Мужчина кивнул и дотронулся до браслета кончиком странного вида серебристого пера. Металл завибрировал, обдав руку холодом. Маг, словно на листе бумаги, выводил на гладкой поверхности буквы; они вспыхивали огнем и гасли, оставляя после себя черненое тиснение. Я украдкой следила за его действиями.
Надпись была начертана на двух языках: сойтлэ и араргском. Полное имя и фамилия хозяина, начертанное вязью: виконт Сашер Ратмир альг Тиадей. Так мы и познакомились, потому что, разумеется, никто мне представлять его не собирался, а посторонних я слышала лишь имя и должность хозяина.
— Без ошибок? Ну-ка, покажи! — женщина ухватила меня за руку и внимательно изучила браслет. — Опять с завитушками! — недовольно фыркнула она. — Кому нужны твои художества?

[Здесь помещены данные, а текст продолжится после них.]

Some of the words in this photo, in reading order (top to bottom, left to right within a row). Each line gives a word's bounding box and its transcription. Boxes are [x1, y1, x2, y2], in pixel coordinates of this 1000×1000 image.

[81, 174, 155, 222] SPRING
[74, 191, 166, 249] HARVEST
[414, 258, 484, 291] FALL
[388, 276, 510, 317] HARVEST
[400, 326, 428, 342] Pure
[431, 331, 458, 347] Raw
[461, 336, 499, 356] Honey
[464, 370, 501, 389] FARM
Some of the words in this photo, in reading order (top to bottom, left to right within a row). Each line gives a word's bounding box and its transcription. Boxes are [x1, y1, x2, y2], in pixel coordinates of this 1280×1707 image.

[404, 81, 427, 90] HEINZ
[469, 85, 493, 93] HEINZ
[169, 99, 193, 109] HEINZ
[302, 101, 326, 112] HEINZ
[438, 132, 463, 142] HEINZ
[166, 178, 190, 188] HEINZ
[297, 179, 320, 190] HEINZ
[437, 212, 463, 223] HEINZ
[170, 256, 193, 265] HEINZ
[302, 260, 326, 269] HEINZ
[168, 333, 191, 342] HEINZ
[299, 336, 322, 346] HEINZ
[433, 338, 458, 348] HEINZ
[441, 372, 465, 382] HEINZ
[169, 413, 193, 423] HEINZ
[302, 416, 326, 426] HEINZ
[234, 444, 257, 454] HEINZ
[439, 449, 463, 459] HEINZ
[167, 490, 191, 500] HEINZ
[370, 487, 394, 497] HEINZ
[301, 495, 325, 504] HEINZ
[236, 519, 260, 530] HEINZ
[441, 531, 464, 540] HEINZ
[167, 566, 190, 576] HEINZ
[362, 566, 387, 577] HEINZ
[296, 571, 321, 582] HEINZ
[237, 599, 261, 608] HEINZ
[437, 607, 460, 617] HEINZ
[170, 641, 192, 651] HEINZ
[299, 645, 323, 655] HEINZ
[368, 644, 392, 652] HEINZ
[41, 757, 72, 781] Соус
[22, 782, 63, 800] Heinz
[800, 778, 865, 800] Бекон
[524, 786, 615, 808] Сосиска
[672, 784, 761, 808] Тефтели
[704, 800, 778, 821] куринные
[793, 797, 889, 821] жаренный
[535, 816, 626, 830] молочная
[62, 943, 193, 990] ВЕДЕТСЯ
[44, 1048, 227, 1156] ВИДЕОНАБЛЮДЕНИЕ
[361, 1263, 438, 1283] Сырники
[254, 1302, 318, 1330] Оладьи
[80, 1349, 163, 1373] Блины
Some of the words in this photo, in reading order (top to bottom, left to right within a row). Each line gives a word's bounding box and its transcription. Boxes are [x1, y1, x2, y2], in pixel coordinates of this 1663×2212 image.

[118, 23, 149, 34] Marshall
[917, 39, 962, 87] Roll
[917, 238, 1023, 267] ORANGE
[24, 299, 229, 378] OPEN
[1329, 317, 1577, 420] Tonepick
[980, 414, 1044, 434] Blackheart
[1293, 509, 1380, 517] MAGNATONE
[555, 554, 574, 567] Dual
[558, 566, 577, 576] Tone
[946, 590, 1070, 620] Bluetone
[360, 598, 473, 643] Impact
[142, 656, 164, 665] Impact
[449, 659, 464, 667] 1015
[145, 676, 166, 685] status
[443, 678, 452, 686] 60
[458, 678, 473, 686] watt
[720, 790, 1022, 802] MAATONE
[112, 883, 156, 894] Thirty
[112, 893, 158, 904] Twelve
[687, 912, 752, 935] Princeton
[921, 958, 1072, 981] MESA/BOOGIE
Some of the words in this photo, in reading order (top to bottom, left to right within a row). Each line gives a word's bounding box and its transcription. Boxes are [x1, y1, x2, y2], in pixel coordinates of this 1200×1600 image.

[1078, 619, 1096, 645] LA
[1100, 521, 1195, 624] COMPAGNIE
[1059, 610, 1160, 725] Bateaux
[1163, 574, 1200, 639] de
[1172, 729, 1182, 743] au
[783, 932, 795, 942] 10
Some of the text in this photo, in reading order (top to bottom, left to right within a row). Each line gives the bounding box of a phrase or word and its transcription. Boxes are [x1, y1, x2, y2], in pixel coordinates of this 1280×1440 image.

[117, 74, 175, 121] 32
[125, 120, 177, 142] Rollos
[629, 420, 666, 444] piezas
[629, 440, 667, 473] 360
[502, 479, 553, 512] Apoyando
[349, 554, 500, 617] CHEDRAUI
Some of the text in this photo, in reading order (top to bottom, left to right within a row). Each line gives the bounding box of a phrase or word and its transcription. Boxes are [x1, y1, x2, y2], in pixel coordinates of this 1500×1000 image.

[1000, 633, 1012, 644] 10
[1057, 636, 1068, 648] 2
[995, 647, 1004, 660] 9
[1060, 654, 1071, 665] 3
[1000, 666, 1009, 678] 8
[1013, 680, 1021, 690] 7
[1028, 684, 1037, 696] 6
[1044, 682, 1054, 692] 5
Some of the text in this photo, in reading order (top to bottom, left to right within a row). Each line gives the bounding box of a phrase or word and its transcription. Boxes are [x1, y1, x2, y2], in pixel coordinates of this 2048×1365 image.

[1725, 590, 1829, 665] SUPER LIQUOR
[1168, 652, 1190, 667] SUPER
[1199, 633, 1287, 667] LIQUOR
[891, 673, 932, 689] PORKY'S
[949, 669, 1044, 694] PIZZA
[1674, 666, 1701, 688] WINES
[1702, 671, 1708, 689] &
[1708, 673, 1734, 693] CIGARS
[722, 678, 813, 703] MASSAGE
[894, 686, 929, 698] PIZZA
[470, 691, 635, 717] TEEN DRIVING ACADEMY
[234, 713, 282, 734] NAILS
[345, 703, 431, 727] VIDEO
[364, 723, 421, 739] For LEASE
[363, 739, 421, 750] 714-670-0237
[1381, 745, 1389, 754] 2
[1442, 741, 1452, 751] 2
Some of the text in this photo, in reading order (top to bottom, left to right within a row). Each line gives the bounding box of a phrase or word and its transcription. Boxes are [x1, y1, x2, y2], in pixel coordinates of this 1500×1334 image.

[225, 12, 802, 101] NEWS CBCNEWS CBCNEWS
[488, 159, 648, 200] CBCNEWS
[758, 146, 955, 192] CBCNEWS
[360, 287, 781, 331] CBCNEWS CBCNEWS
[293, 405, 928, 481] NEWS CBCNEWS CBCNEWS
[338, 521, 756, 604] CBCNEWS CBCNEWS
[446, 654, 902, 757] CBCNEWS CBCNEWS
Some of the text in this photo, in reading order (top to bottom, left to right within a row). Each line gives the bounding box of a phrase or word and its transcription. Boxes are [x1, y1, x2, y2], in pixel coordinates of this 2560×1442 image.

— Мне, — отрезал маг. — Не нравится, делай сама. Что, не умеешь? Тогда не лезь.
Женщина промолчала, надув губы. Потом спохватилась, осмотрела меня со всех сторон, поправила шнуровку на платье, что-то одернула и довольно цокнула языком. Бросив магу, чтобы он присмотрел за мной, она куда-то вышла, как оказалось, за верхней одеждой — пуховым платком и овечьей дохой.
— Остальным тебя в доме хозяина снабдят, может, от него что-то в подарок получишь. Хорошим торхам хозяева часто что-то дарят, нижнее белье в основном, но некоторые сережки и колечки получают, опять-таки беличью шубку, красивые туфельки или сапожки. Но тут уж все от тебя зависит. Теперь, давай, я тебя накрашу, а то приличным людям на глаза стыдно показывать.
Замаскировав следы усталости на моем лице, араргка слегка подвела мне глаза и нанесла на губы пахнущий медом бальзам.